## Exercise aim
Find the line containing "this 1880×1253 image.". Retype it and every line after it through the end of the entries, exactly as written, with nothing added.

Collected data

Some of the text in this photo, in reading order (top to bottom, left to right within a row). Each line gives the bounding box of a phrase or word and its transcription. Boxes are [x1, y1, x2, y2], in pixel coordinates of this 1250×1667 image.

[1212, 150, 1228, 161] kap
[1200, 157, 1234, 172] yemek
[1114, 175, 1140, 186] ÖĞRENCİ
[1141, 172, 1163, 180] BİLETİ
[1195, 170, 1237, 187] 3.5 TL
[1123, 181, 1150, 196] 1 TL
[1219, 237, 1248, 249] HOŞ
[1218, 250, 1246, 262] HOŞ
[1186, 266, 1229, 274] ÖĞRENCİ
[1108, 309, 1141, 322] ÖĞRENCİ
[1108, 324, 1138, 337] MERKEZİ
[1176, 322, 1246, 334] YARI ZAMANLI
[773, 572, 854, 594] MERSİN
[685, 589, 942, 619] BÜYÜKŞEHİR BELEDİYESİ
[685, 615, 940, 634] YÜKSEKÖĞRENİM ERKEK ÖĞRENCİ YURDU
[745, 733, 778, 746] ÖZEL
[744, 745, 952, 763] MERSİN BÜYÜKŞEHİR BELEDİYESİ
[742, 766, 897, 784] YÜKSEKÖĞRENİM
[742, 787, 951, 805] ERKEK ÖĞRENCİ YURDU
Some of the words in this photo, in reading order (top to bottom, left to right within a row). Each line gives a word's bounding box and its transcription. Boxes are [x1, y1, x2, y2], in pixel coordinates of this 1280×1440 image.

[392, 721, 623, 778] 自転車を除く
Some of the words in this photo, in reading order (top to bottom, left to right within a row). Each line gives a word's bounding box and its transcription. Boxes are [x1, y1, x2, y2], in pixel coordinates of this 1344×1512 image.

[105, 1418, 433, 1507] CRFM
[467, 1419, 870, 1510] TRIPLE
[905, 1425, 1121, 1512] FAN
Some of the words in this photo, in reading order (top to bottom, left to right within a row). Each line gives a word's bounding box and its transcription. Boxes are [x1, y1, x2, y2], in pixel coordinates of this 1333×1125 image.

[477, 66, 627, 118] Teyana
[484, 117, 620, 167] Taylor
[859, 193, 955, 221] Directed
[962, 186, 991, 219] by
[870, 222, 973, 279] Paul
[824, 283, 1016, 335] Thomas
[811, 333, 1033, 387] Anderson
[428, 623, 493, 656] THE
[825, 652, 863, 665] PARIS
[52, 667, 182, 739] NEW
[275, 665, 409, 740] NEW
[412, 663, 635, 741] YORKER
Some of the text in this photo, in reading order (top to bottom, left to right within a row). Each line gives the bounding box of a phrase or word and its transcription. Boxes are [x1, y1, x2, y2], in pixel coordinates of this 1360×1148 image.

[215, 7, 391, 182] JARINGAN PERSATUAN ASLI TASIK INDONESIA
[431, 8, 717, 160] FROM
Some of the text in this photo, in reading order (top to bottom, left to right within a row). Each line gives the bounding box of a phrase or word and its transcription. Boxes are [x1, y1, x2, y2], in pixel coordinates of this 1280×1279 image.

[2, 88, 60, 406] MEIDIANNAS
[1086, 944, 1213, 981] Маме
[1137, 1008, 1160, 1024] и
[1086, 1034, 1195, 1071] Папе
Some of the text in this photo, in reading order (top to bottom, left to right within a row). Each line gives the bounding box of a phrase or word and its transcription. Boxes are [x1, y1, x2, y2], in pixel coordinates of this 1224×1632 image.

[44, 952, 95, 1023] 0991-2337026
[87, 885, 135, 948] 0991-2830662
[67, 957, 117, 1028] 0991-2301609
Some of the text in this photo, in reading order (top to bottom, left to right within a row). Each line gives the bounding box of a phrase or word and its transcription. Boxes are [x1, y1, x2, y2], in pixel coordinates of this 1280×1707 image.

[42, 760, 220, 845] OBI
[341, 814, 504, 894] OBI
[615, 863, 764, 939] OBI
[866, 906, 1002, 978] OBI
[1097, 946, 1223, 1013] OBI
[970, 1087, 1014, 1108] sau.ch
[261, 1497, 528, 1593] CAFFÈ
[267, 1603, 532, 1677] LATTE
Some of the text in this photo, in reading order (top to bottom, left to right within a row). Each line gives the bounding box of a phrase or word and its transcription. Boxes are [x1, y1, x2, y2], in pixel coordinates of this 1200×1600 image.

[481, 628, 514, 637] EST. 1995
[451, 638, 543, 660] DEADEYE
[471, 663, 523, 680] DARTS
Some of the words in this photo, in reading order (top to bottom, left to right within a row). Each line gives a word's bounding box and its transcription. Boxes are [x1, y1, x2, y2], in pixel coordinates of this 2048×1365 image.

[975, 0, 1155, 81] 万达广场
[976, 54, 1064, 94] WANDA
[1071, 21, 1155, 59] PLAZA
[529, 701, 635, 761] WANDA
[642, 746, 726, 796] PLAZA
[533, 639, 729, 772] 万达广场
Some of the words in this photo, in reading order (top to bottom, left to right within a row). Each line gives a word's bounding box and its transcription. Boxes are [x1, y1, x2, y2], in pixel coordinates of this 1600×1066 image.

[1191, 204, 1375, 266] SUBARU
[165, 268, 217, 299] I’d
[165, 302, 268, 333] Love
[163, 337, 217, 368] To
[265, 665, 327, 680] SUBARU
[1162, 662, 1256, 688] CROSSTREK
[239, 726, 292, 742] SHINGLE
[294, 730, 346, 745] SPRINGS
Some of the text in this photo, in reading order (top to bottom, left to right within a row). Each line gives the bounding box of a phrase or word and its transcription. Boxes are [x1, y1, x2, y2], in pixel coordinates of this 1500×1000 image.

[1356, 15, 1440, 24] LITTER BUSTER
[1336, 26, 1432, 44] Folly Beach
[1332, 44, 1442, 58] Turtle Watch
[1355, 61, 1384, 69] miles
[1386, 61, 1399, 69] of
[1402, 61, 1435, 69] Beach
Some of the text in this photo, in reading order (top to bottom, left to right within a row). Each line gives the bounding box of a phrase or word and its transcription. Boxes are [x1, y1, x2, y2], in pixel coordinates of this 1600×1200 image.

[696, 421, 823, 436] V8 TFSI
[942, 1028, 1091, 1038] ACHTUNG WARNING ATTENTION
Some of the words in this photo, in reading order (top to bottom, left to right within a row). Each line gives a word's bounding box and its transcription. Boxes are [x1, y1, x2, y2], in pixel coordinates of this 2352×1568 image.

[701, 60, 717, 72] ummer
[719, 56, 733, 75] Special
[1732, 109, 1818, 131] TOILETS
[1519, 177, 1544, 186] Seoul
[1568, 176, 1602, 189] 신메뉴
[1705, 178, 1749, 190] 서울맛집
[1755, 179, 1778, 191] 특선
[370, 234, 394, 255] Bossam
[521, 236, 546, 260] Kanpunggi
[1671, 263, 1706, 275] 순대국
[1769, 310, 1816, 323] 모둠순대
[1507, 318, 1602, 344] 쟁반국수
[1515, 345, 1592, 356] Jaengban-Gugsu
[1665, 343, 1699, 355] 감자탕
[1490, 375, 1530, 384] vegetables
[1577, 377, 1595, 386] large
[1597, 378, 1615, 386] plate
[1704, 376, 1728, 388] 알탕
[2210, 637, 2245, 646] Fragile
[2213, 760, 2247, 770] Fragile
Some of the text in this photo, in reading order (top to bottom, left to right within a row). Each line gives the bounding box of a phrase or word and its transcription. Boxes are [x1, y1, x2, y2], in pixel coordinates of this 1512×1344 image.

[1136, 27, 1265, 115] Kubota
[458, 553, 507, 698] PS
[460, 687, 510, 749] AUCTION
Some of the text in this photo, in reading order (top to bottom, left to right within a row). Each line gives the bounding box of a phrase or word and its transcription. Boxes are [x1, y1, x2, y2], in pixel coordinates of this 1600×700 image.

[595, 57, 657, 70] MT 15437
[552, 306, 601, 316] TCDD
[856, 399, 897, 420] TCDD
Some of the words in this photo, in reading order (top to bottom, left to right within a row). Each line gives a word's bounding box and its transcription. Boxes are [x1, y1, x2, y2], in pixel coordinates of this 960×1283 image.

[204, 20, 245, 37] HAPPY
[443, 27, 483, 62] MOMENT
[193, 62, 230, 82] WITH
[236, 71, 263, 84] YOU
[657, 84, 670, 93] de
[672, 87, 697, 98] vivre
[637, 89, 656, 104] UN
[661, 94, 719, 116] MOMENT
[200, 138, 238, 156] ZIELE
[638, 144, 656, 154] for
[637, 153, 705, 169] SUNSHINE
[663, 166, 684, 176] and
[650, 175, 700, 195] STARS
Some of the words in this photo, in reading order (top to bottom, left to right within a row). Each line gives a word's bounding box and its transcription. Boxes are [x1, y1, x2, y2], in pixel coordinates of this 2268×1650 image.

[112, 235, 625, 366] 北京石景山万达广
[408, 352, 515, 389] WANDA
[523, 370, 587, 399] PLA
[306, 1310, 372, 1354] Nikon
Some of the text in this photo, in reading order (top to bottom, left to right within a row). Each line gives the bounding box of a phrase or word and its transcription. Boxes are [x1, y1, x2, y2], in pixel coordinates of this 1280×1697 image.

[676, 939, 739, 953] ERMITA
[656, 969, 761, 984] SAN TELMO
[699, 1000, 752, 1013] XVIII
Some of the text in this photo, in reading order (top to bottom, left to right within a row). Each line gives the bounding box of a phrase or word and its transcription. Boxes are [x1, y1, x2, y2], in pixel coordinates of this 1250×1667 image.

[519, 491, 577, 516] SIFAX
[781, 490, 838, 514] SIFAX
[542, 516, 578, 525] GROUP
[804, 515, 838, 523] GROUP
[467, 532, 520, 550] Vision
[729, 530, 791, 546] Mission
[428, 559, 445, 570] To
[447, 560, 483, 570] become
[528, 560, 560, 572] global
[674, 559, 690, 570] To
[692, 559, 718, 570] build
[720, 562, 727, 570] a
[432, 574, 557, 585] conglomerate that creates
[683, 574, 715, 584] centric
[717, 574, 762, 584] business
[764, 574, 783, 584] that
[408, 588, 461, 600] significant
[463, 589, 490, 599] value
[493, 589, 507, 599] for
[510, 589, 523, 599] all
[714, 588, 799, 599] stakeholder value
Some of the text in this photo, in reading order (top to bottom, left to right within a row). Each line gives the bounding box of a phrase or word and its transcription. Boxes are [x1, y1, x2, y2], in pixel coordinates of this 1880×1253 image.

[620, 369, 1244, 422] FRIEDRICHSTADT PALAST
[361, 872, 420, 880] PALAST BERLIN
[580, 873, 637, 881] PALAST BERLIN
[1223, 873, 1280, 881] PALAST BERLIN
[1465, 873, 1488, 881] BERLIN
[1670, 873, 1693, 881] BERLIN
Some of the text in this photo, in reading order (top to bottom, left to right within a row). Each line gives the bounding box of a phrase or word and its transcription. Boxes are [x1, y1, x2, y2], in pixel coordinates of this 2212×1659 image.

## The answer
Some of the text in this photo, in reading order (top to bottom, left to right within a row). Each line gives the bounding box of a phrase or word and its transcription. Boxes are [x1, y1, x2, y2], in pixel coordinates of this 1880×1253 image.

[620, 369, 1244, 422] FRIEDRICHSTADT PALAST
[361, 872, 420, 880] PALAST BERLIN
[580, 873, 637, 881] PALAST BERLIN
[1223, 873, 1280, 881] PALAST BERLIN
[1465, 873, 1488, 881] BERLIN
[1670, 873, 1693, 881] BERLIN
Some of the text in this photo, in reading order (top to bottom, left to right within a row). Each line gives the bounding box of a phrase or word and its transcription. Boxes are [x1, y1, x2, y2], in pixel coordinates of this 2212×1659 image.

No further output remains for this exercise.